Democrats Attempt to Revive Talks on Access to Full Mueller Report

“Since these materials are publicly cited and described in the Mueller report, there can be no question about the committee’s need for and right to this underlying evidence in order to independently evaluate the facts that Special Counsel Mueller uncovered and fulfill our constitutional duties,” Mr. Nadler wrote. “As the Mueller report makes clear, this need is amplified where, as here, department policy prohibits the indictment of a sitting president and instead relies on Congress to evaluate where constitutional remedies are appropriate.”

The Justice Department did not immediately respond to Mr. Nadler’s offer on Friday.

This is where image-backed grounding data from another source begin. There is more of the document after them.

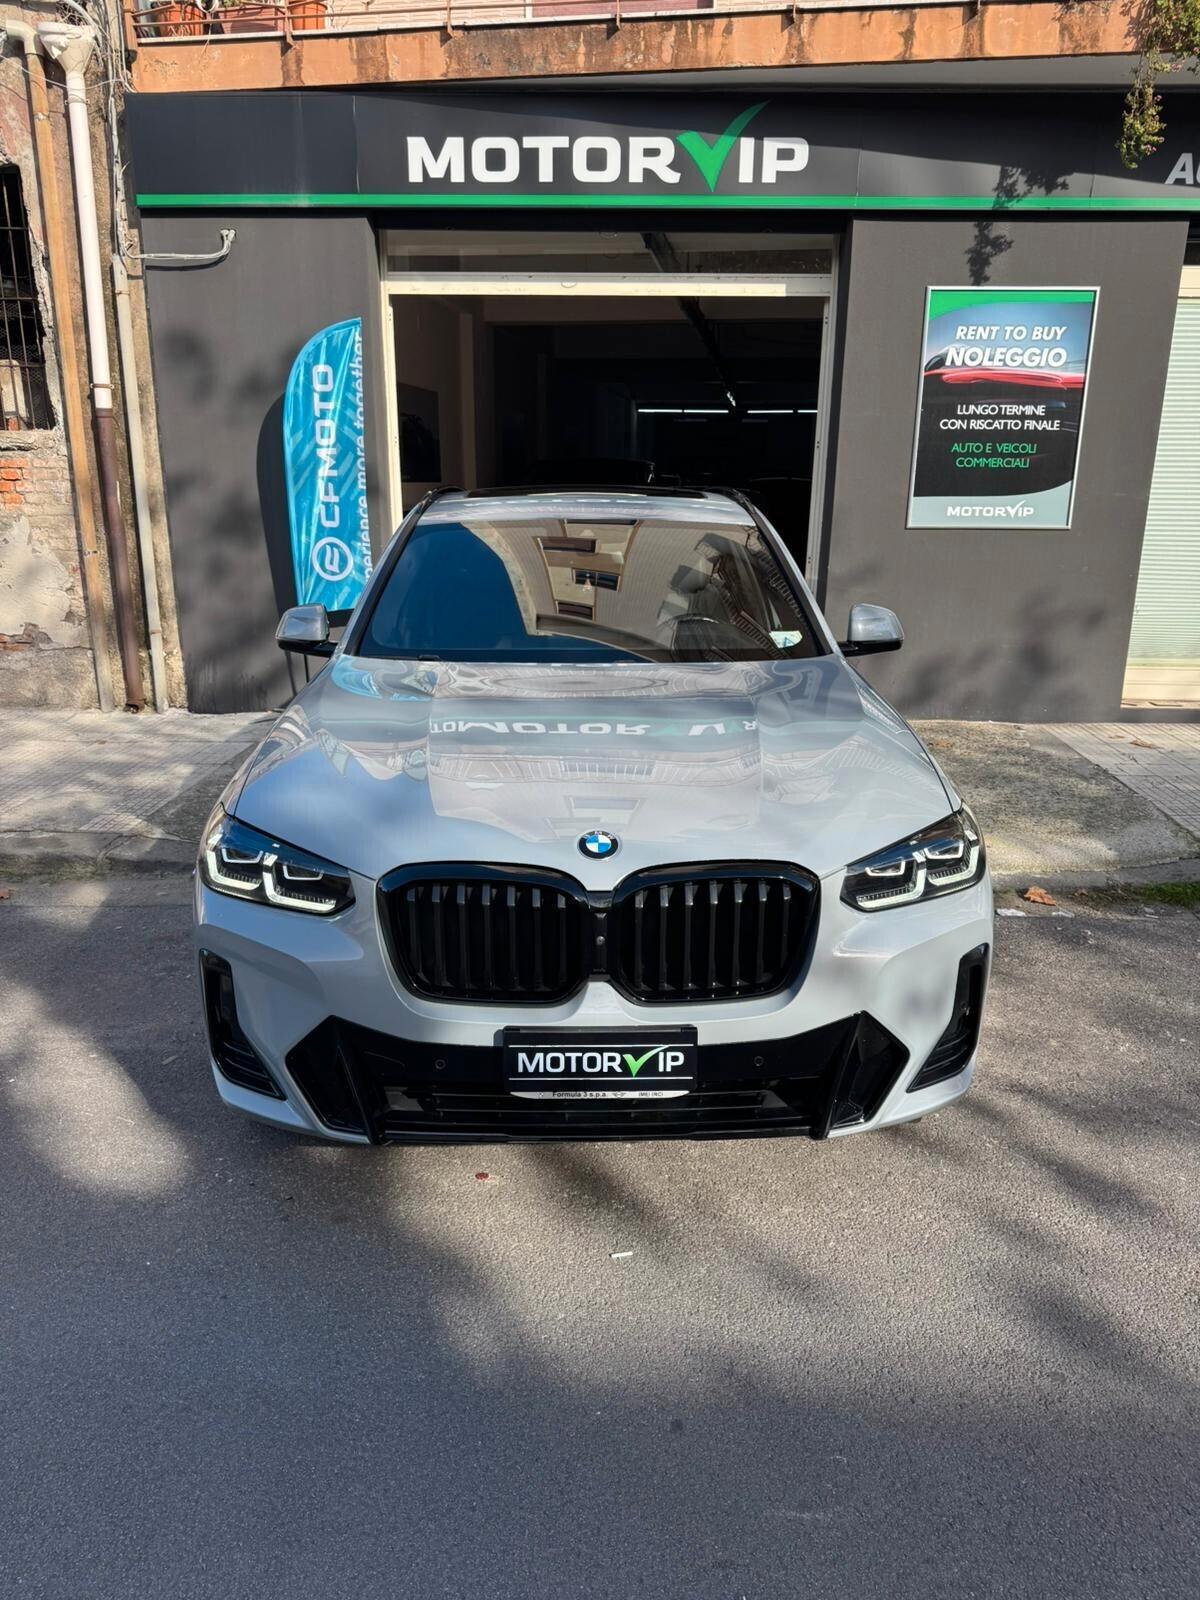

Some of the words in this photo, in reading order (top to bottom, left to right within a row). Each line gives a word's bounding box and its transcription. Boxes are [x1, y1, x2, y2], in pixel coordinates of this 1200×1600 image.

[406, 100, 809, 193] MOTORVIP
[1164, 152, 1200, 186] A
[955, 325, 1000, 341] RENT
[1004, 325, 1027, 341] TO
[1031, 325, 1067, 341] BUY
[945, 347, 1067, 367] NOLEGGIO
[957, 404, 999, 416] LUNGO
[1000, 404, 1046, 416] TERMINE
[940, 419, 967, 430] CON
[969, 419, 1022, 430] RISCATTO
[1024, 419, 1060, 431] FINALE
[311, 364, 340, 528] CFMOTO
[951, 443, 984, 453] AUTO
[985, 443, 992, 453] E
[996, 443, 1037, 454] VEICOLI
[955, 458, 1030, 468] COMMERCIALI
[947, 500, 1034, 519] MOTORVIP
[358, 496, 374, 584] perience
[517, 1045, 685, 1078] MOTORVIP

In a letter to Mr. Nadler on Wednesday, explaining why it would not meet his deadline, Stephen E. Boyd, an assistant attorney general, chastised Democrats for serving the department an “overbroad and extraordinarily burdensome” subpoena. He said compliance would pose a threat to the integrity of executive branch investigations, require the disclosure of millions of pages of documents and break longstanding department practice.

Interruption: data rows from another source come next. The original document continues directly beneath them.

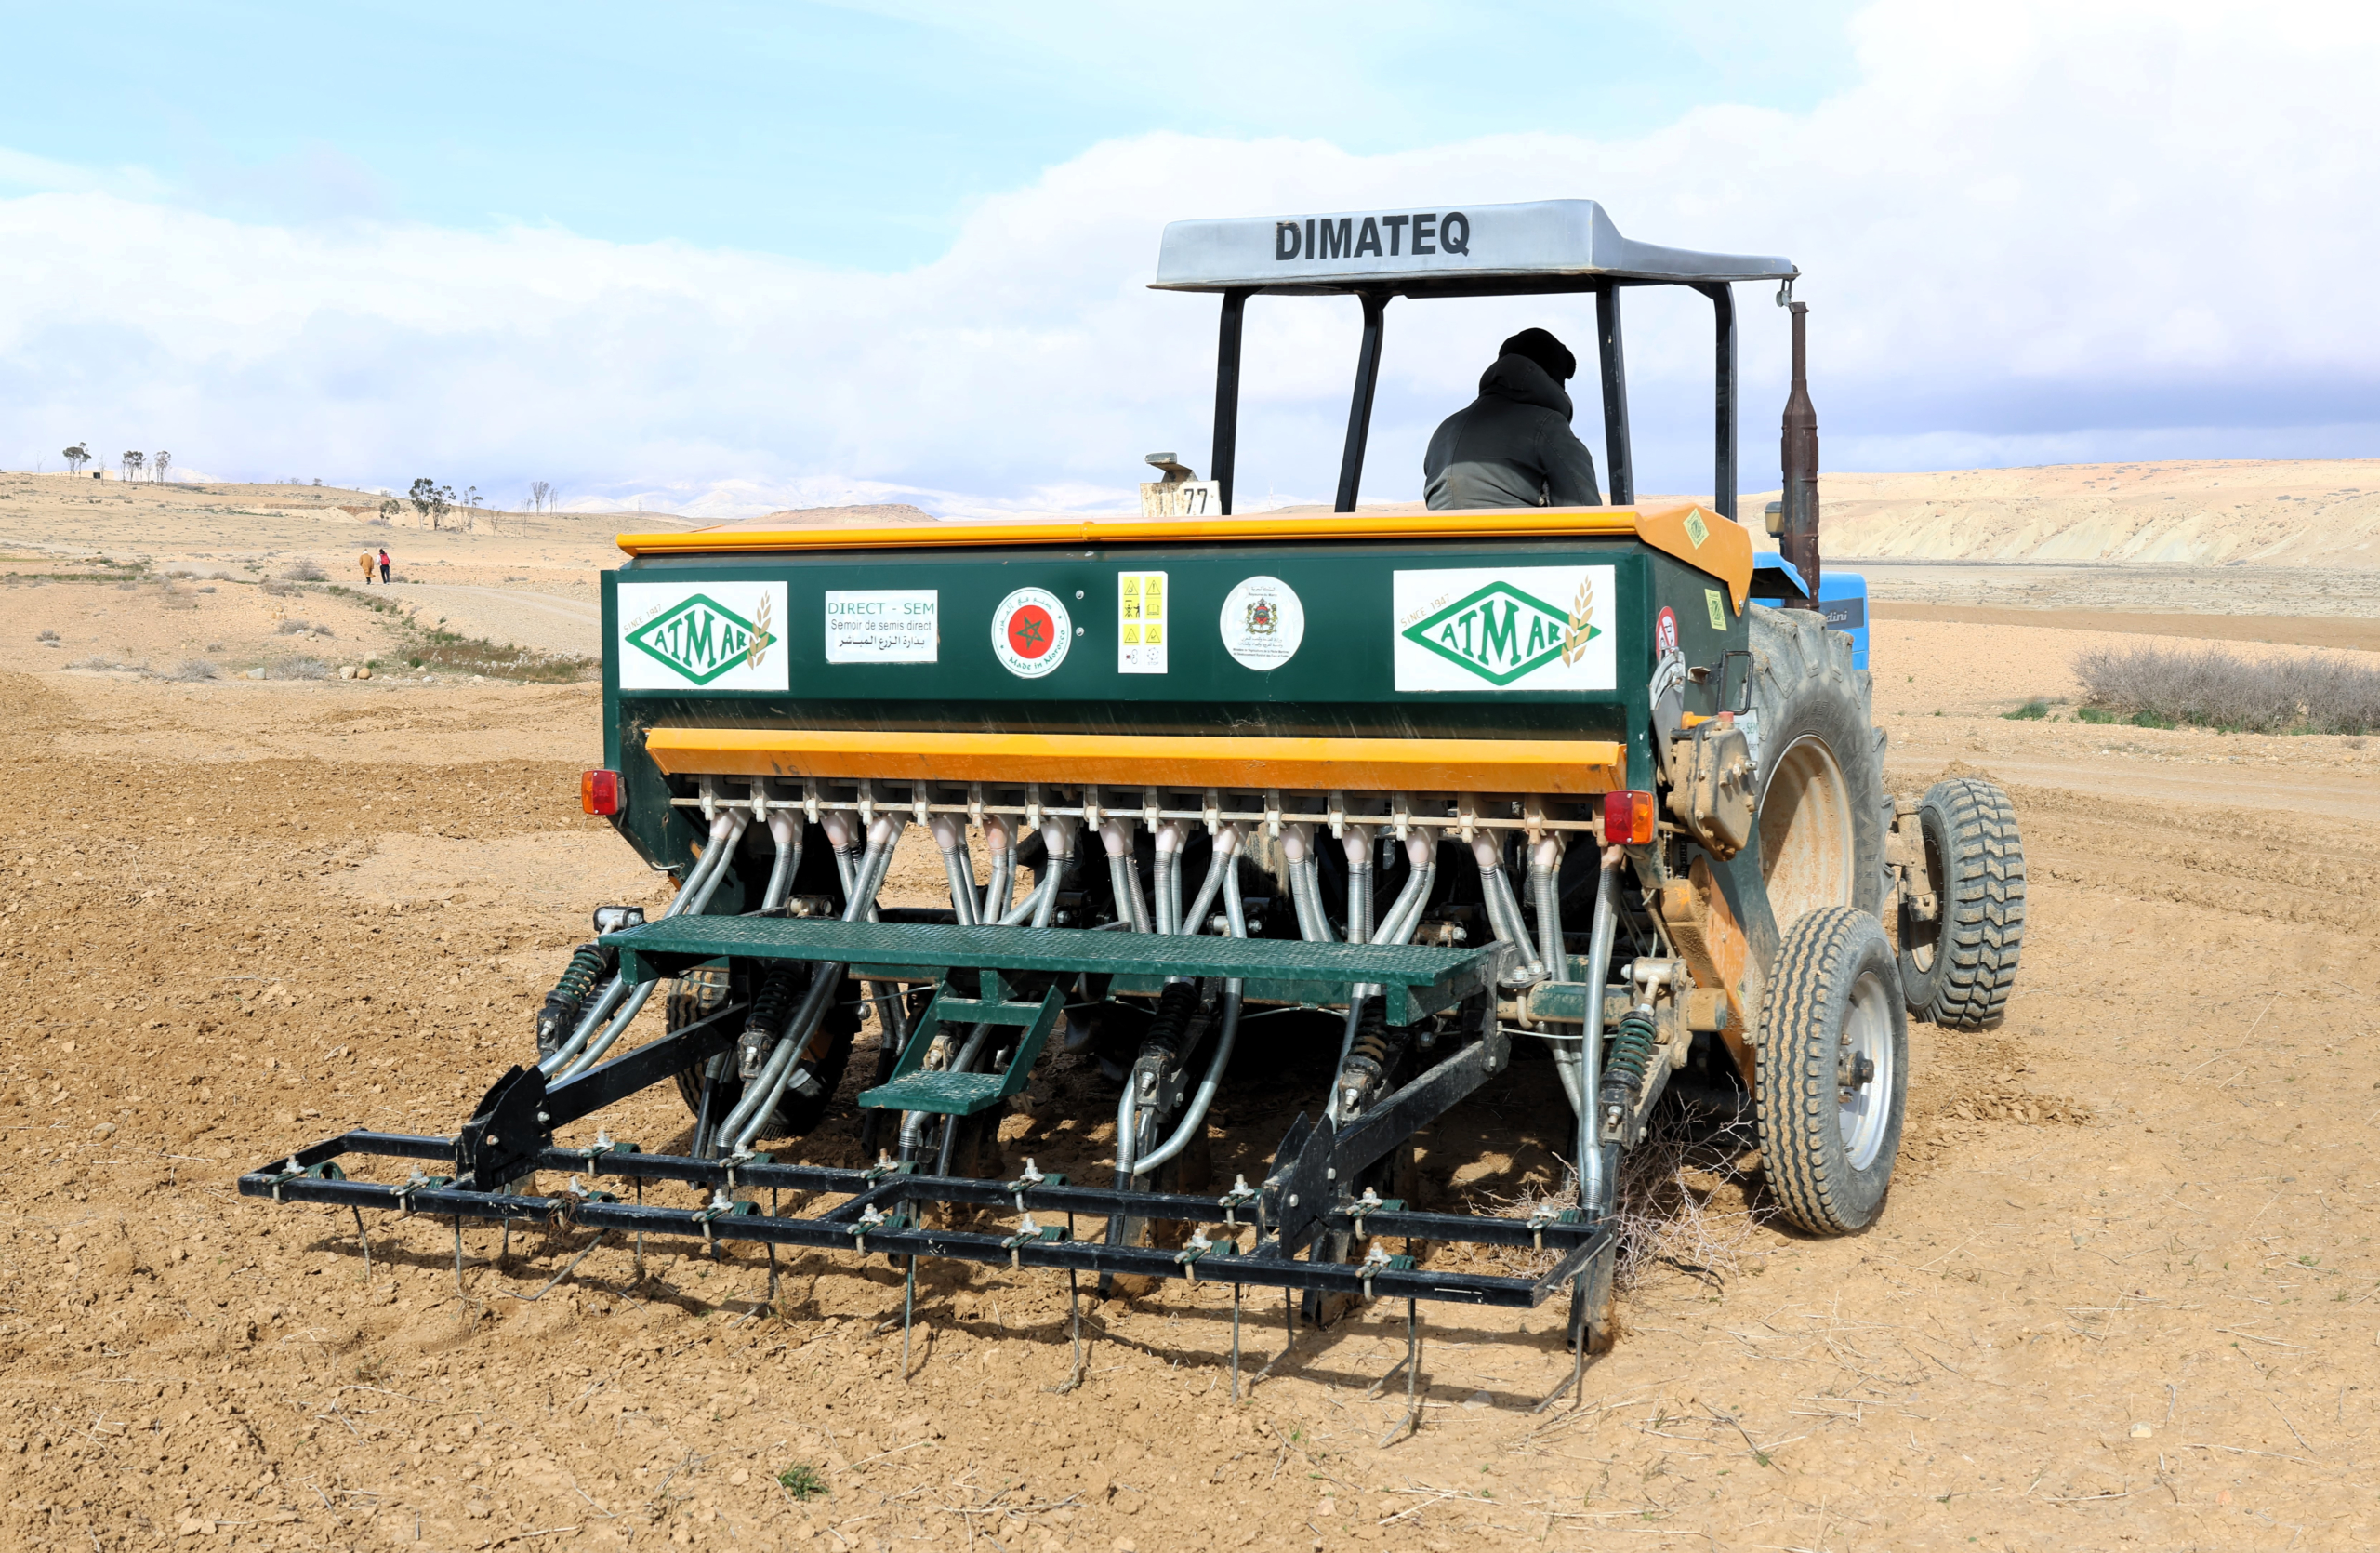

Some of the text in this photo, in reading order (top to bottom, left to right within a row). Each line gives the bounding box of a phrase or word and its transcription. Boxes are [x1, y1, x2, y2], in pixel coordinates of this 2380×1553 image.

[1276, 211, 1470, 261] DIMATEQ
[1183, 488, 1208, 515] 77
[623, 604, 663, 633] SINCE 1947
[827, 602, 886, 615] DIRECT
[903, 602, 934, 615] SEM
[1400, 593, 1450, 628] SINCE 1947
[1826, 610, 1848, 623] dini
[654, 609, 747, 669] ATMAR
[831, 618, 932, 631] Semoir de semis direct
[1441, 599, 1562, 667] ATMAR
[839, 635, 925, 650] بذارة الزرع المباشر
[1009, 656, 1031, 670] Made
[1043, 630, 1065, 665] Morocco

“Allowing your committee to use Justice Department investigative files to reinvestigate the same matters that the department has investigated and to second-guess decisions that have been made by the department would not only set a dangerous precedent, but would also have immediate negative consequences,” he wrote.

But Mr. Boyd left open the possibility of a compromise, writing that the department would consider “further accommodations in response to a properly focused and narrowed inquiry that is supported by a legitimate legislative purpose.”

Democrats argue that position is ultimately unsustainable for the department, particularly after it produced hundreds of thousands of documents about the F.B.I.’s investigation of Hillary Clinton’s email practices and the Russia investigation to House Republicans when they were in control of the chamber in the last Congress. Democrats opposed the department handing that material over at the time, arguing that it risked political interference in the ongoing special counsel investigation, but they now assert that it set a precedent the Justice Department must live with.

It is less likely that Mr. Barr will agree to the request by Democrats to unseal grand jury material. Mr. Barr has already declined to ask the federal judge overseeing that grand jury, Beryl A. Howell, to issue such an order.

The committee is likely to soon ask Judge Howell for such an order itself, although its position would be stronger if the Justice Department were with it. It remains unclear whether Mr. Barr would direct department lawyers merely to stay out of such litigation, or to actively oppose it — setting them up to file an appeal were Judge Howell to rule that the committee has a right to see the material.